Exercise inputs Start Marker

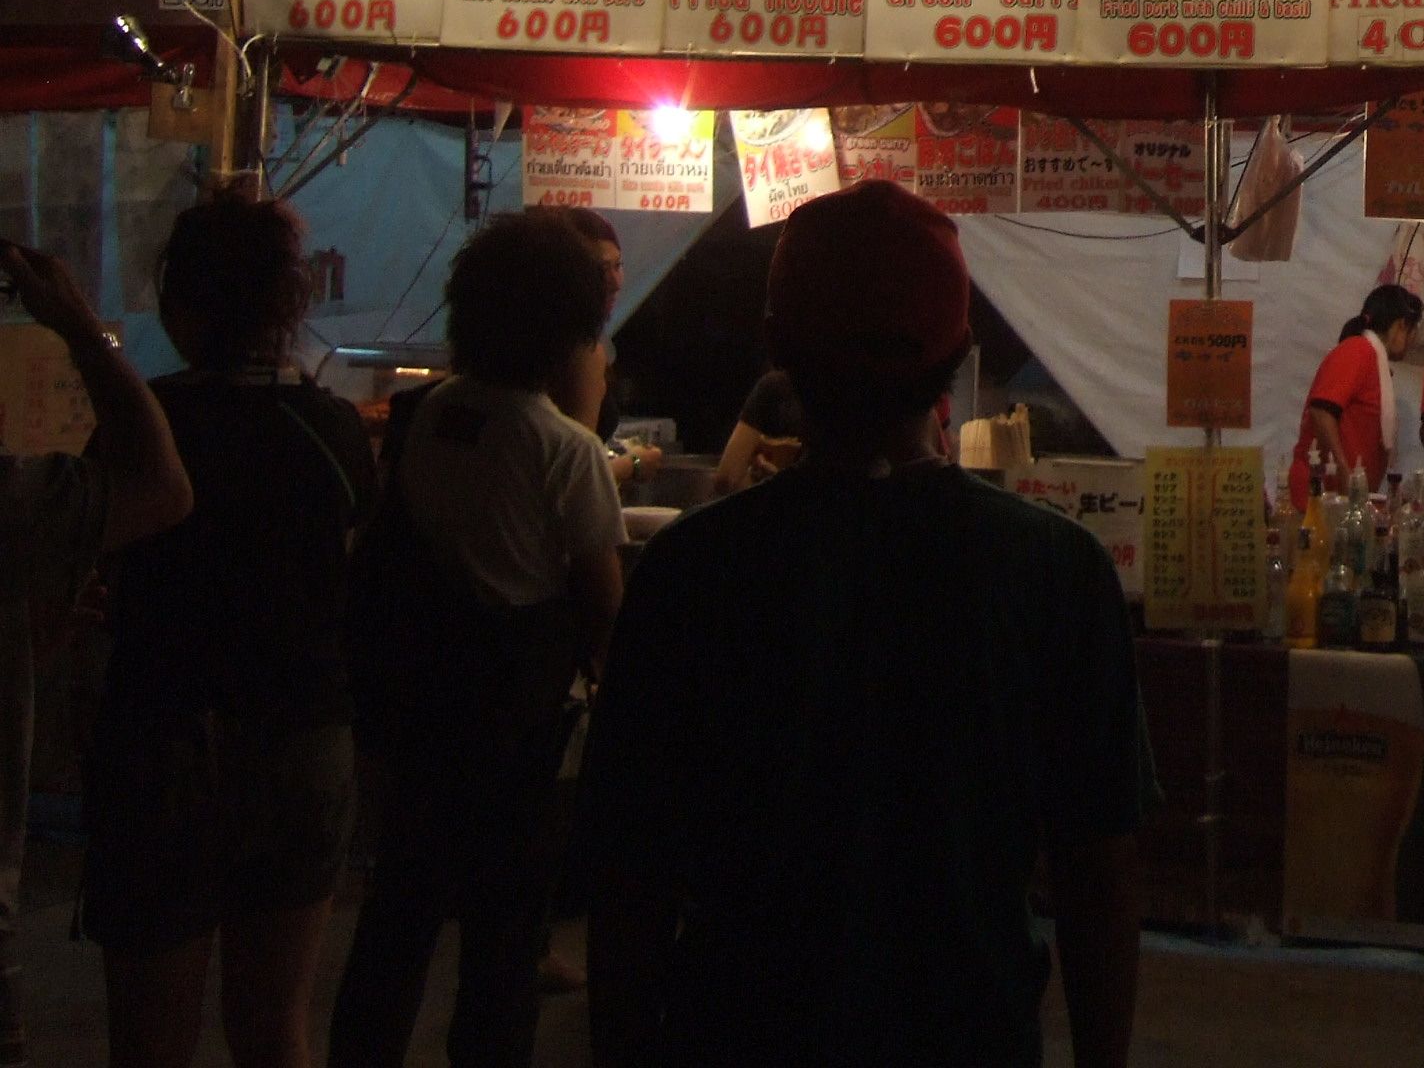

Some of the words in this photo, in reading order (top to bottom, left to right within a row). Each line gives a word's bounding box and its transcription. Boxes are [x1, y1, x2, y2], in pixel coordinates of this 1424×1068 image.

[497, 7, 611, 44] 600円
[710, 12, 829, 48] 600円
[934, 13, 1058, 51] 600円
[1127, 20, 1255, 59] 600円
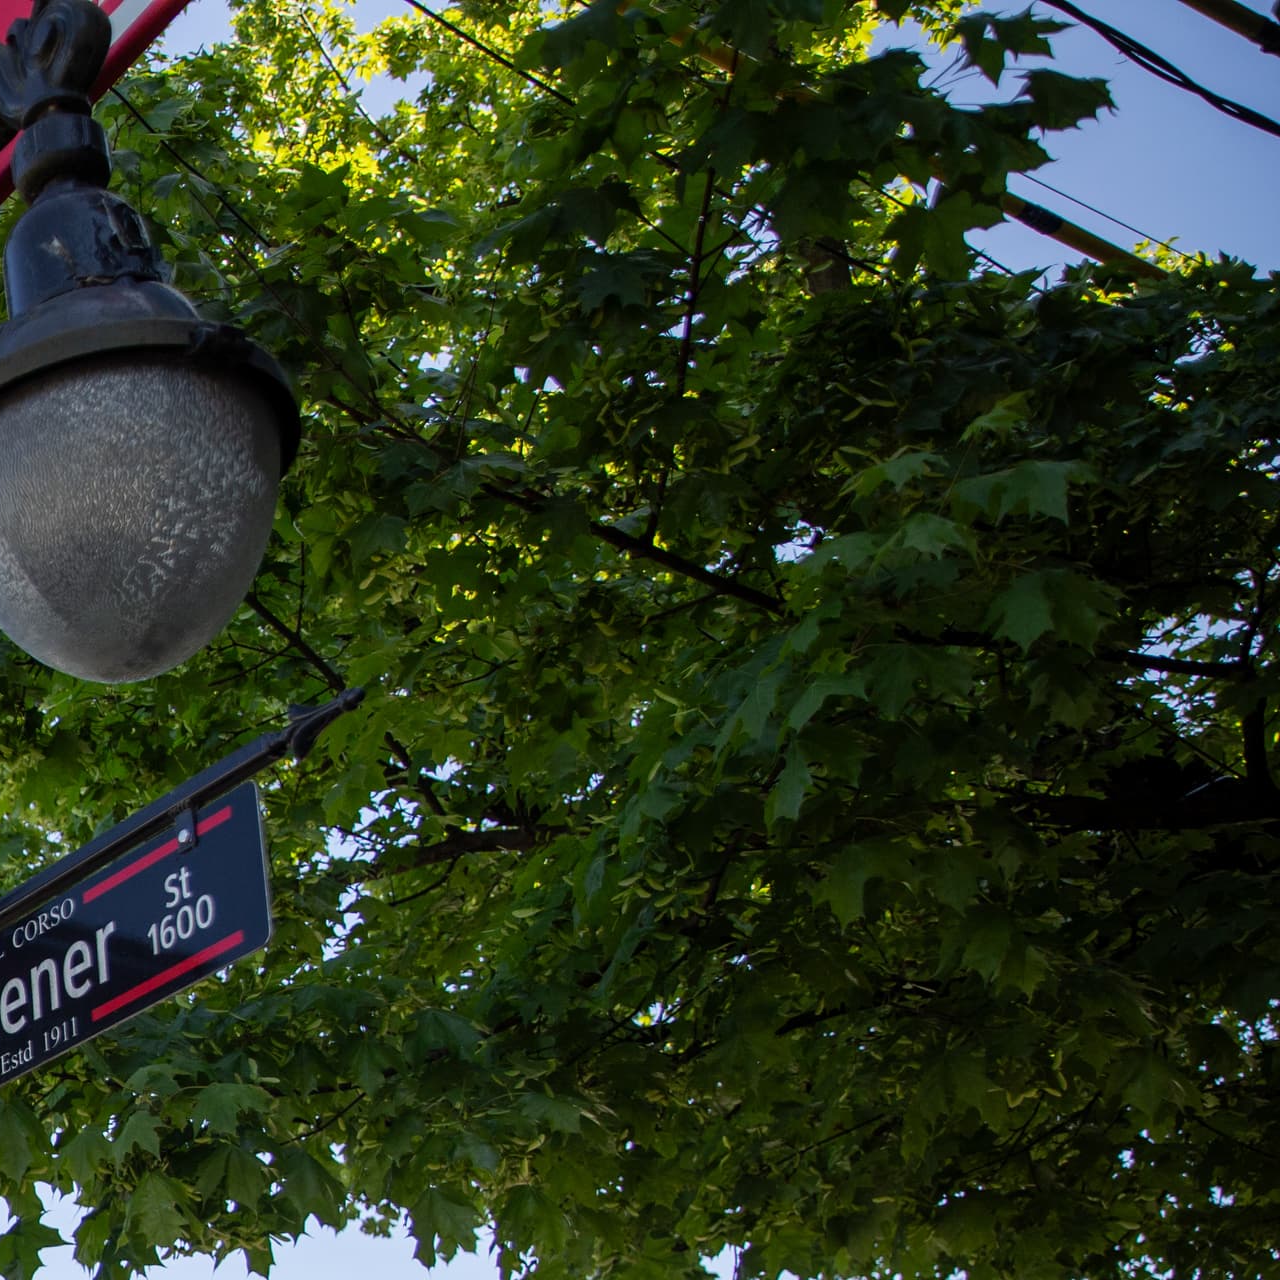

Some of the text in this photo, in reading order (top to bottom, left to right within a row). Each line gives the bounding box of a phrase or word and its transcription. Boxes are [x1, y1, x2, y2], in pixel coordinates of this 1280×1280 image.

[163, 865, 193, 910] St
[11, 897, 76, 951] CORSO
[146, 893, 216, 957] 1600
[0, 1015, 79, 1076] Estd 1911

Exercise inputs End Marker

## Task
The copy you write must hold every record verbatim and none of the pictures.

## Final answer
Some of the words in this photo, in reading order (top to bottom, left to right within a row). Each line gives a word's bounding box and its transcription. Boxes are [x1, y1, x2, y2], in pixel coordinates of this 1424×1068 image.

[497, 7, 611, 44] 600円
[710, 12, 829, 48] 600円
[934, 13, 1058, 51] 600円
[1127, 20, 1255, 59] 600円

Some of the text in this photo, in reading order (top to bottom, left to right within a row). Each line gives the bounding box of a phrase or word and its transcription. Boxes are [x1, y1, x2, y2], in pixel coordinates of this 1280×1280 image.

[163, 865, 193, 910] St
[11, 897, 76, 951] CORSO
[146, 893, 216, 957] 1600
[0, 1015, 79, 1076] Estd 1911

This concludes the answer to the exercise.